This article first appeared in RCR Wireless News
AI in the service provider space today is primarily focused on machine learning — a branch of AI that focuses on the development of intelligent computer programs that can predict future events more effectively than humans. These types of programs autonomously train themselves using historical data and can self-improve when exposed to new data.
As service providers begin to map out their AI strategies, there are four key requirements every project should meet:
AI will impact many parts of the service provider organization, and thus an AI strategy needs to be understood and embraced by company leaders. It’s not enough to just hire machine learning engineers or data scientists and call that a strategy. But it doesn’t stop there — the employees that execute the AI plans must also understand the company’s goals in deploying AI, along with its benefits.
This is where training comes into play as a best practice.
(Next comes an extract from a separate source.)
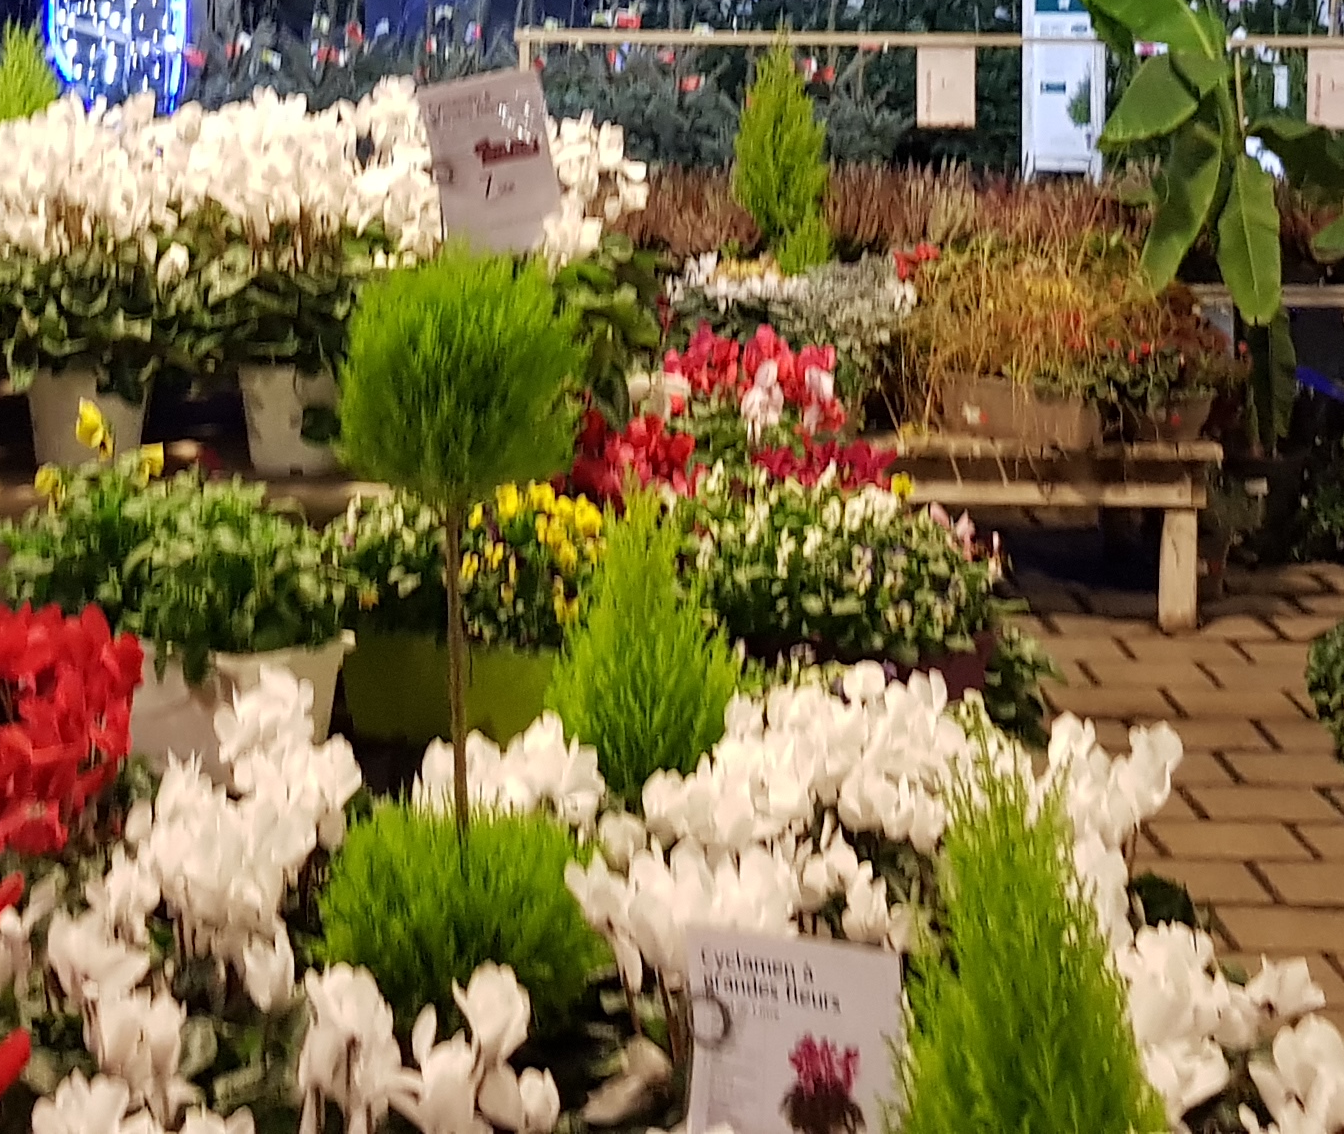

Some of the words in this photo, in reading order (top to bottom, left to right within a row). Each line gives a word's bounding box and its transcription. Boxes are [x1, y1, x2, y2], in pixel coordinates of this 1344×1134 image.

[700, 945, 796, 978] Cyclamen
[803, 958, 815, 985] à
[703, 973, 778, 1005] grandes
[785, 979, 842, 1015] fleurs
Customized AI training across the organization will not only help leaders make better business decisions but also help day-to-day employees understand what AI technology is being used for and what it will help them accomplish. It’s not uncommon for there to be disconnects among the various groups involved, especially around timing; the business may need results in a few weeks, while fine-tuning an AI model may take a few months. Training will help resolve disconnects between what the business needs — and in what timeframe — versus what can be produced by machine learning engineers given the constraints at the time.
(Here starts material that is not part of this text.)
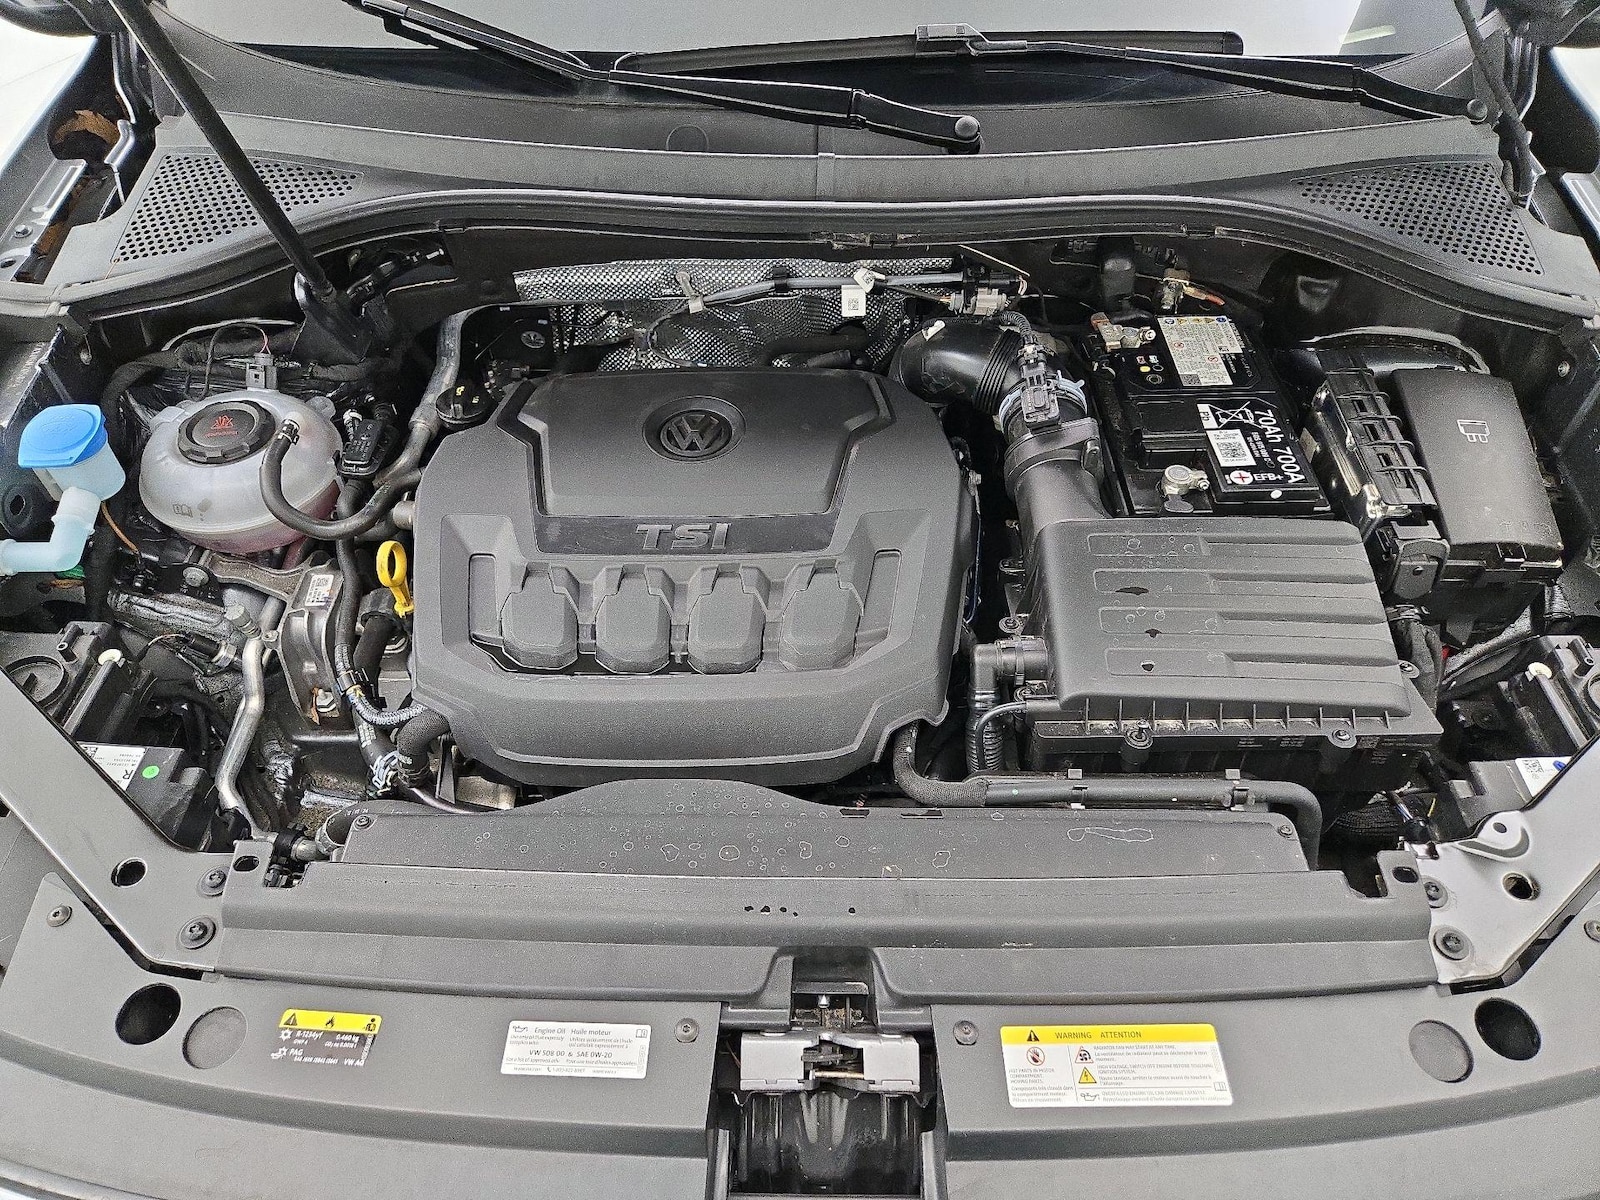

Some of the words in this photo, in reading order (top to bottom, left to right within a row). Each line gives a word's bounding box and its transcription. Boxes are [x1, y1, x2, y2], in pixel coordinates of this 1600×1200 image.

As AI is brought into a service provider’s environment, the question inevitably arises whether the organization should centralize their AI efforts into an “AI division” or let each group leverage their own strengths and resources. While one oversight group may look like an easy solution, most large service provider organizations are not ready to have a single AI group to oversee all internal and external organizational needs from the start. Individual needs and rationales for deploying AI may vary between groups, causing potential confusion and delays. The size of the organization itself can be prohibitive when starting with a single common AI group. However, that does not mean individual groups should run in different directions; developing a company-wide strategy is still the critical first step.
One U.S.-based telecom company that is implementing AI throughout the organization has structured its AI organization this way: three divisions, focused on operations and customer care; global supply chain strategy; and big data and AI systems that create new data products. The divisions themselves are separate, while a common group addresses data governance and management, data warehousing, data lakes, and common analytical and AI technologies across the organization. This helps to facilitate cross-functional, cross-organizational projects. For smaller service providers with fewer divisions and smaller data sets, a centralized AI function may be a viable option. Taking the time to invest in strategic AI planning will be of immense benefit in determining how to best structure AI across the organization.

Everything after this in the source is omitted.